Abstract
Purpose
We determined the relationship of a planktonic algal bloom with spatial and temporal changes in sediment bacterial communities in a eutrophic urban river in the Taihu Basin, China.
Materials and methods
Surface sediments from different locations on the river, including with and without an algal bloom, were collected monthly for 1 year. Sediment bacterial communities were assessed by sequencing 16S rRNA gene amplicons using an Illumina MiSeq.
Results and discussion
There were distinct spatial and temporal changes in sediment bacterial community structure. Significant decrease in the Shannon diversity corresponded with the peak chlorophyll a (Chl a) concentration. Proteobacteria, Chloroflexi, and Bacteroidetes were the dominant phyla throughout the year; however, their relative abundances changed seasonally.

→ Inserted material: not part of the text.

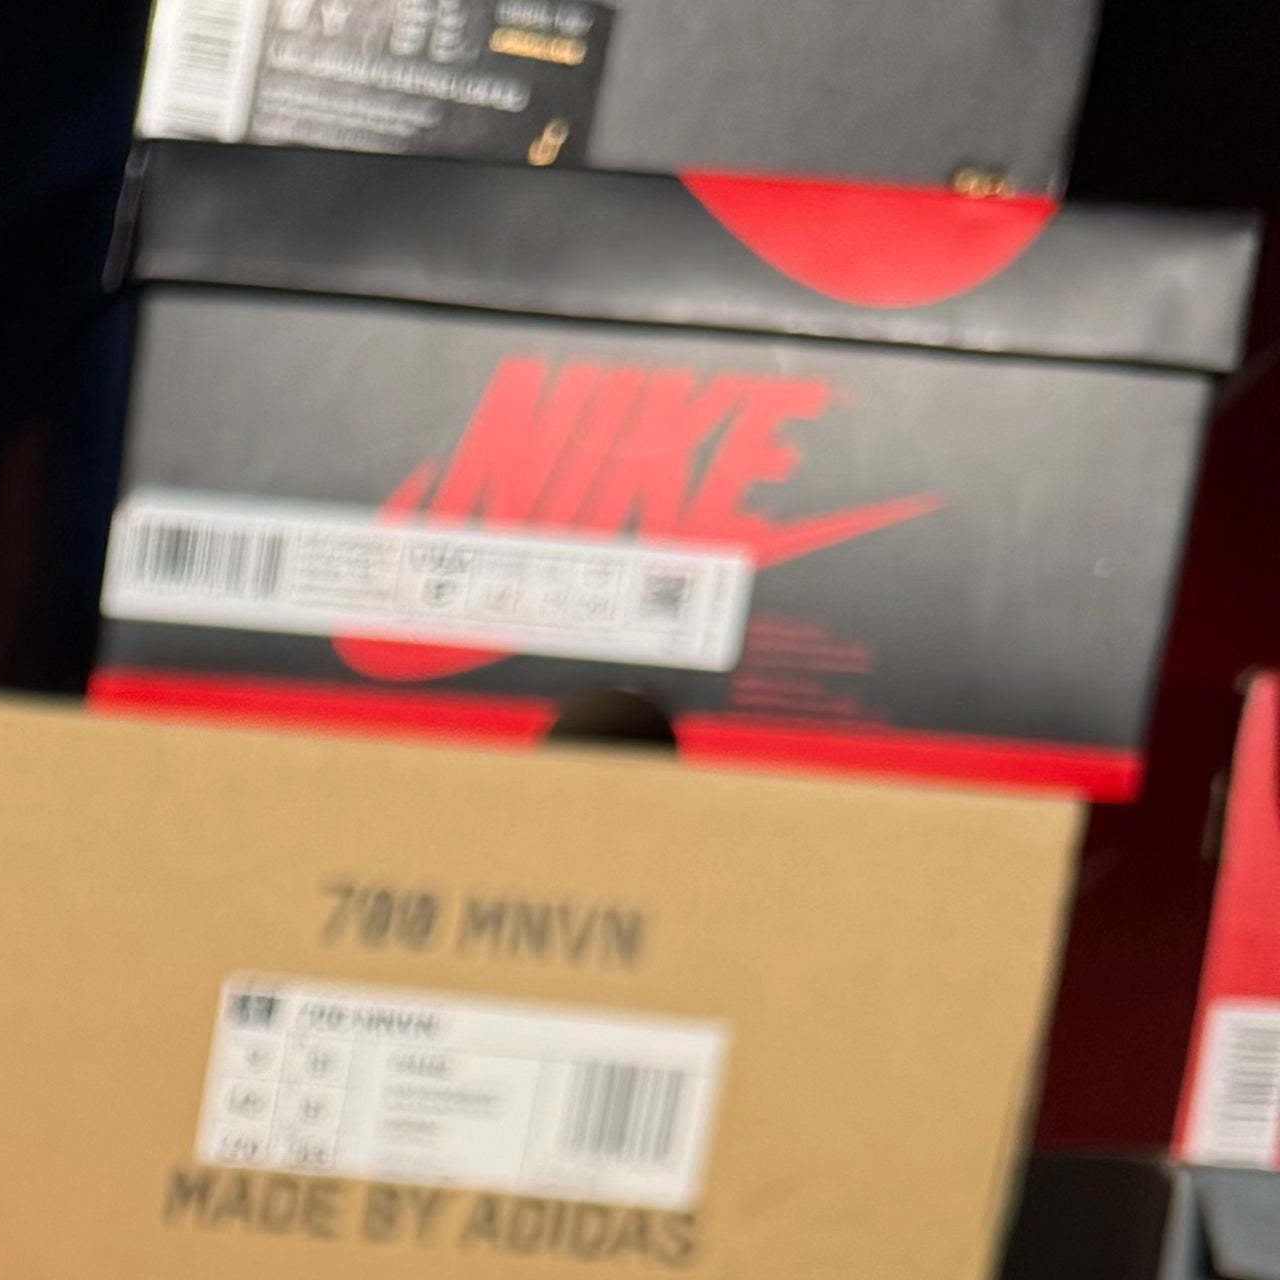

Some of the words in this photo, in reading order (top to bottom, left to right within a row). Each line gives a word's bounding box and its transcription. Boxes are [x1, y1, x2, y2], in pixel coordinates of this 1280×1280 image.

At the time of peak Chl a concentrations, Proteobacteria and Bacteroidetes comprised a greater proportion of the bacterial community. Bacterial community structure also varied spatially at the operational taxonomic unit (OTU) level according to canonical correspondence analysis (CCA), especially in locations with an algal bloom compared with those without an algal bloom. There were positive correlations between multiple bacterial genera and Chl a content, suggesting the potential for facilitative relationships between phytoplankton and bacteria. Based on the CCA, water temperature, NH4 +-N, TN, NO3 −-N, and TP in the sediment and Chl a contents in the water column were significantly correlated with sediment bacterial community structure (P < 0.05).
Conclusions
Planktonic algal blooms may influence sediment bacterial community structure at all taxonomic levels in urban rivers. This work emphasizes the need for more comprehensive studies regarding the impact of planktonic algal blooms on sediment bacterial communities.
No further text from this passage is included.